▶ _About this exercise_
The required answer is an exact copy of the records below, without pictures.
+++
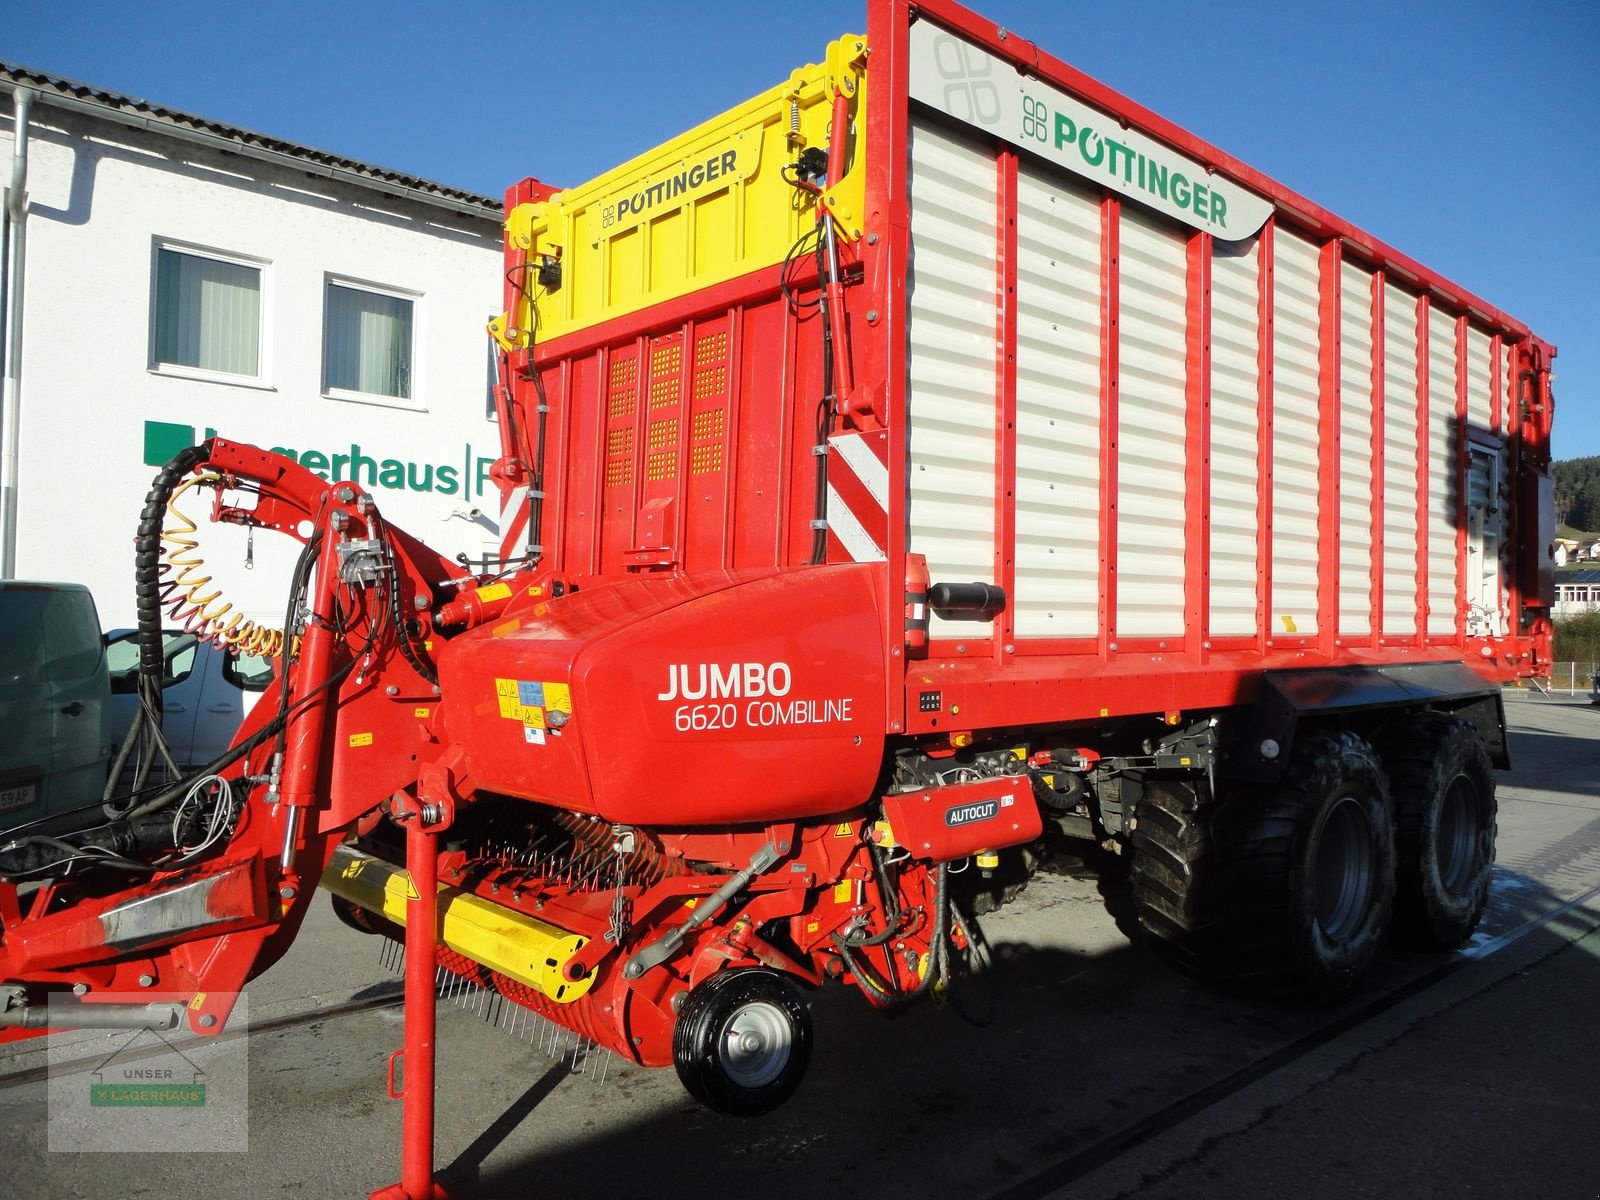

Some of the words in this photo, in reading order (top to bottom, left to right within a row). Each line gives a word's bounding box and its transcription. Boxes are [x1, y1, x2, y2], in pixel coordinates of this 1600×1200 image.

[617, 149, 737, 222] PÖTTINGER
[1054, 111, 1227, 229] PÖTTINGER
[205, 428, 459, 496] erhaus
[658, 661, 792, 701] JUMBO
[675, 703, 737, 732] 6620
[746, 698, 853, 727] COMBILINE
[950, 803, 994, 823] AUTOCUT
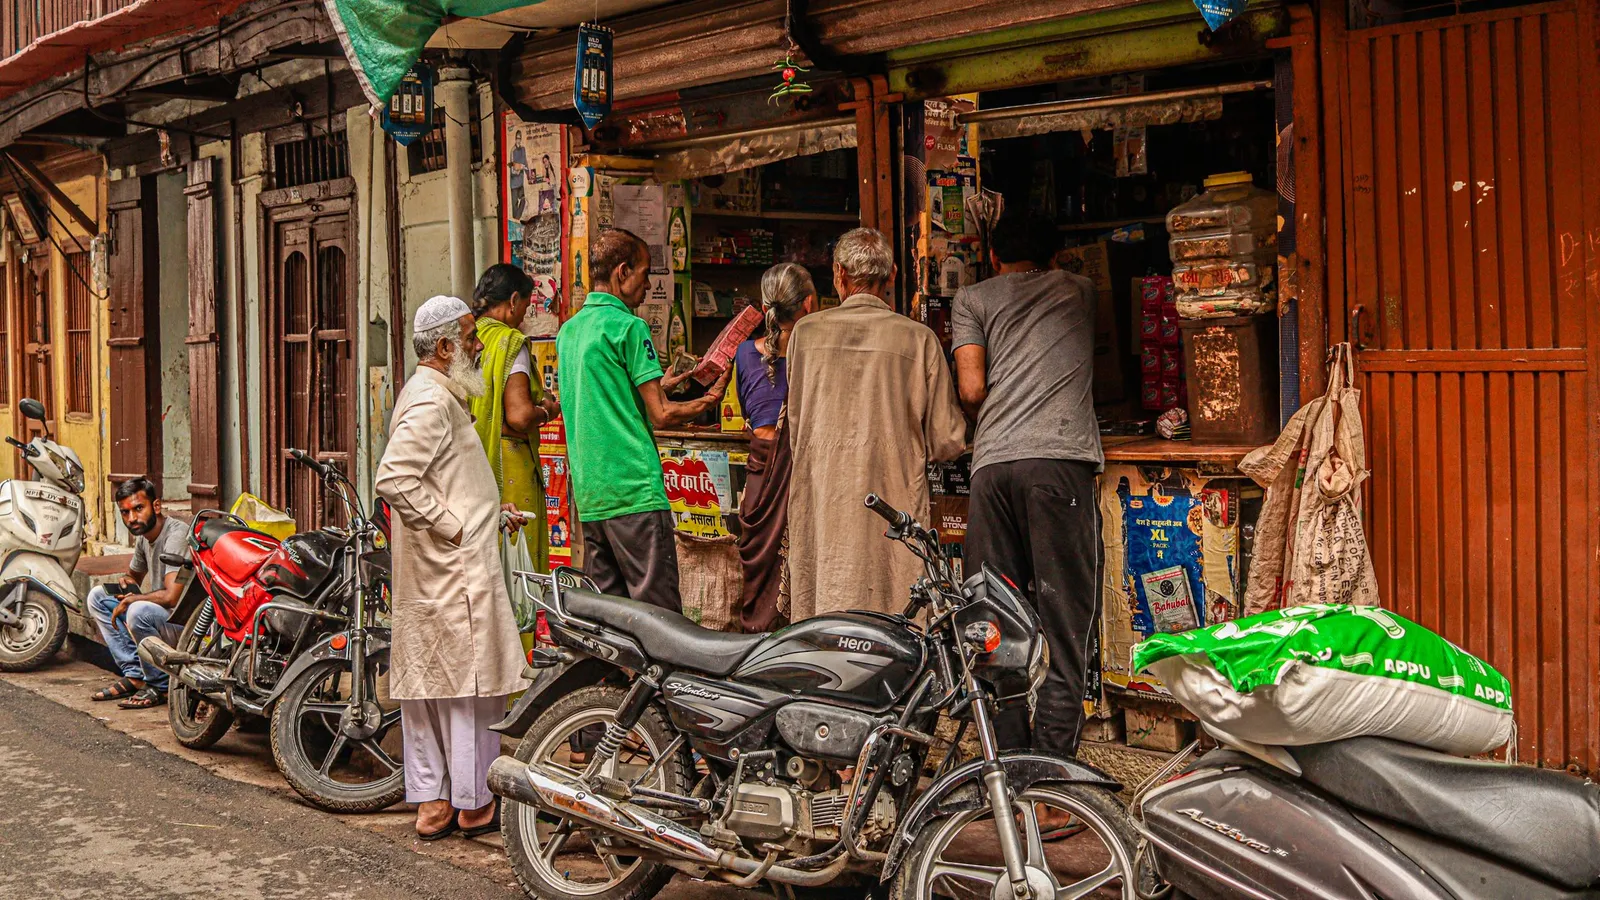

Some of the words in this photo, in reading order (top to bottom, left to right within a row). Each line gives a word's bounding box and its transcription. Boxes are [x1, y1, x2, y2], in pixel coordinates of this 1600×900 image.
+++
▶ _Exercise response_
Some of the words in this photo, in reading order (top to bottom, left to right within a row). Each line gives a word's bounding box and its transcription. Boxes are [x1, y1, x2, y2], in pixel coordinates of this 1600×1200 image.

[617, 149, 737, 222] PÖTTINGER
[1054, 111, 1227, 229] PÖTTINGER
[205, 428, 459, 496] erhaus
[658, 661, 792, 701] JUMBO
[675, 703, 737, 732] 6620
[746, 698, 853, 727] COMBILINE
[950, 803, 994, 823] AUTOCUT

Some of the words in this photo, in reading order (top to bottom, left to right within a row). Each line gives a word's bounding box and its transcription. Boxes are [x1, y1, x2, y2], in pixel coordinates of this 1600×900 image.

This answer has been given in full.